LearnMood/flask-api/app.py

386 lines
14 KiB
Python

# flask-api/app.py
from flask import Flask, request, jsonify
from flask_cors import CORS
import joblib
import numpy as np
import os
from datetime import datetime
app = Flask(__name__)
CORS(app) # Mengizinkan akses dari Laravel
# ============================================
# KONFIGURASI PATH MODEL
# ============================================
BASE_DIR = os.path.dirname(os.path.abspath(__file__))
MODELS_DIR = os.path.join(BASE_DIR, 'models')
# ============================================
# LOAD MODEL DAN ENCODERS
# ============================================
print("=" * 50)
print("🚀 Memulai Flask API Server...")
print("=" * 50)
try:
# Load model Decision Tree
model = joblib.load(os.path.join(MODELS_DIR, 'model_harian.pkl'))

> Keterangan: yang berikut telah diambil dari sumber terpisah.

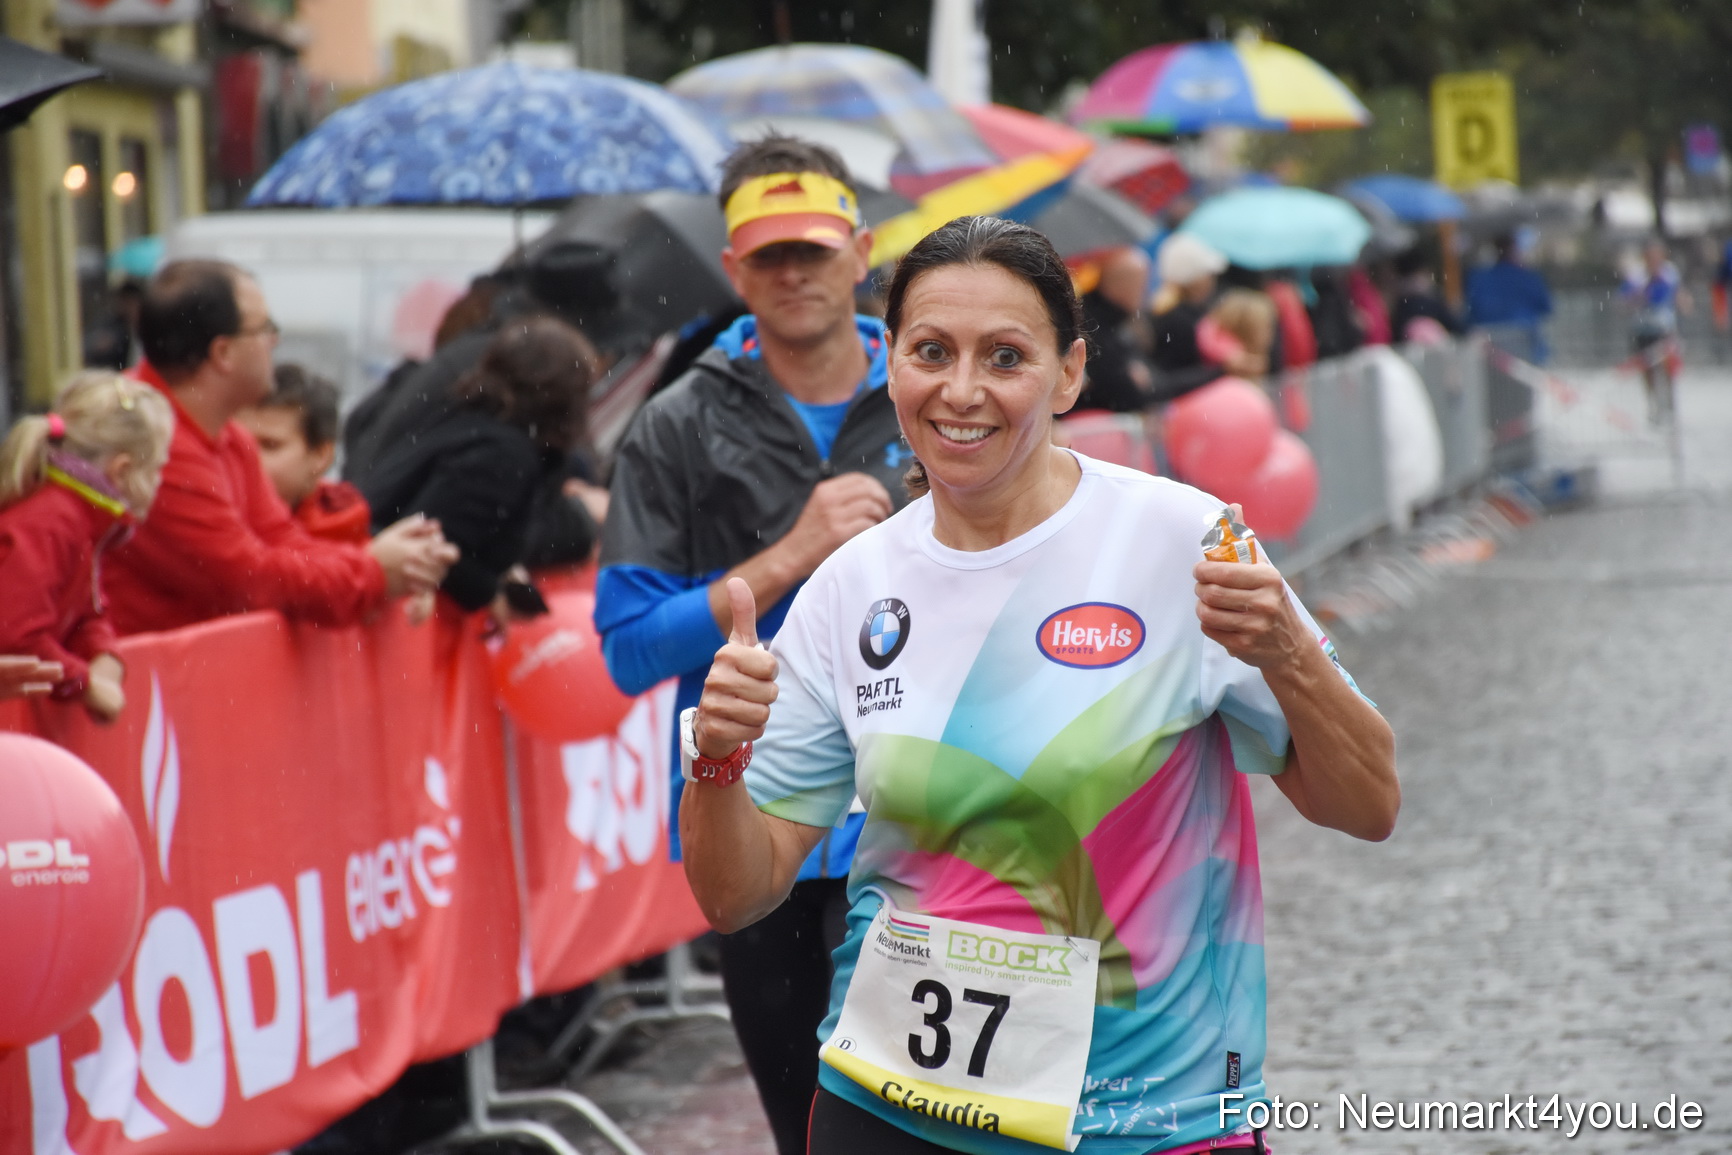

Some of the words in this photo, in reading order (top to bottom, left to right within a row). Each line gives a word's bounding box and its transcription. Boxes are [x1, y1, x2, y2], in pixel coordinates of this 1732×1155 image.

[866, 599, 908, 625] BMW
[1051, 620, 1132, 652] Hervis
[1055, 645, 1095, 655] SPORTS
[856, 677, 904, 704] PARTL
[856, 696, 903, 718] Neumarkt
[0, 837, 91, 871] DL
[946, 930, 1073, 977] BOCK
[944, 960, 983, 976] inspired
[984, 968, 995, 979] by
[997, 971, 1026, 983] smart
[1028, 976, 1073, 988] concepts
[907, 978, 1011, 1079] 37
[838, 1038, 852, 1051] D
[880, 1080, 1001, 1134] Claudia

print("✅ Model Decision Tree berhasil diload")
# Load encoder untuk mood (input)
encoder_mood = joblib.load(os.path.join(MODELS_DIR, 'encoder_mood.pkl'))
print(f"✅ Encoder mood berhasil diload (classes: {list(encoder_mood.classes_)})")
# Load encoder untuk label (output)
encoder_label = joblib.load(os.path.join(MODELS_DIR, 'encoder_label.pkl'))
print(f"✅ Encoder label berhasil diload (classes: {list(encoder_label.classes_)})")
model_loaded = True
except FileNotFoundError as e:
print(f"❌ ERROR: File model tidak ditemukan - {e}")
print("Pastikan folder 'models' berisi:")
print(" - model_harian.pkl")
print(" - encoder_mood.pkl")
print(" - encoder_label.pkl")
model_loaded = False
model = None
encoder_mood = None
encoder_label = None
print("=" * 50)
# ============================================
# ENDPOINT HEALTH CHECK
# ============================================
@app.route('/health', methods=['GET'])
def health():
"""Cek status server dan model"""
return jsonify({
'status': 'healthy',
'model_loaded': model_loaded,
'timestamp': datetime.now().isoformat(),
'mood_classes': list(encoder_mood.classes_) if encoder_mood else [],
'label_classes': list(encoder_label.classes_) if encoder_label else []
})
# ============================================
# ENDPOINT INFO MODEL
# ============================================
@app.route('/info', methods=['GET'])
def info():
"""Informasi detail tentang model"""
if not model_loaded:
return jsonify({'error': 'Model tidak tersedia'}), 503
return jsonify({
'model_type': type(model).__name__,
'model_parameters': model.get_params() if hasattr(model, 'get_params') else {},
'features': ['mood (encoded)', 'durasi_belajar (menit)', 'durasi_tidur (jam)'],
'mood_classes': list(encoder_mood.classes_),
'label_classes': list(encoder_label.classes_),
'description': 'Decision Tree Classifier untuk rekomendasi durasi belajar'
})
# ============================================
# ENDPOINT PREDIKSI HARIAN (HARI 1-7)
# ============================================
@app.route('/predict', methods=['POST'])
def predict_daily():
"""
Prediksi berdasarkan input HARIAN
Digunakan untuk 7 hari pertama
"""
if not model_loaded:
return jsonify({
'success': False,
'error': 'Model tidak tersedia'
}), 503
try:
data = request.json
# ========================================
# VALIDASI INPUT
# ========================================
required_fields = ['mood', 'durasi_belajar', 'durasi_tidur']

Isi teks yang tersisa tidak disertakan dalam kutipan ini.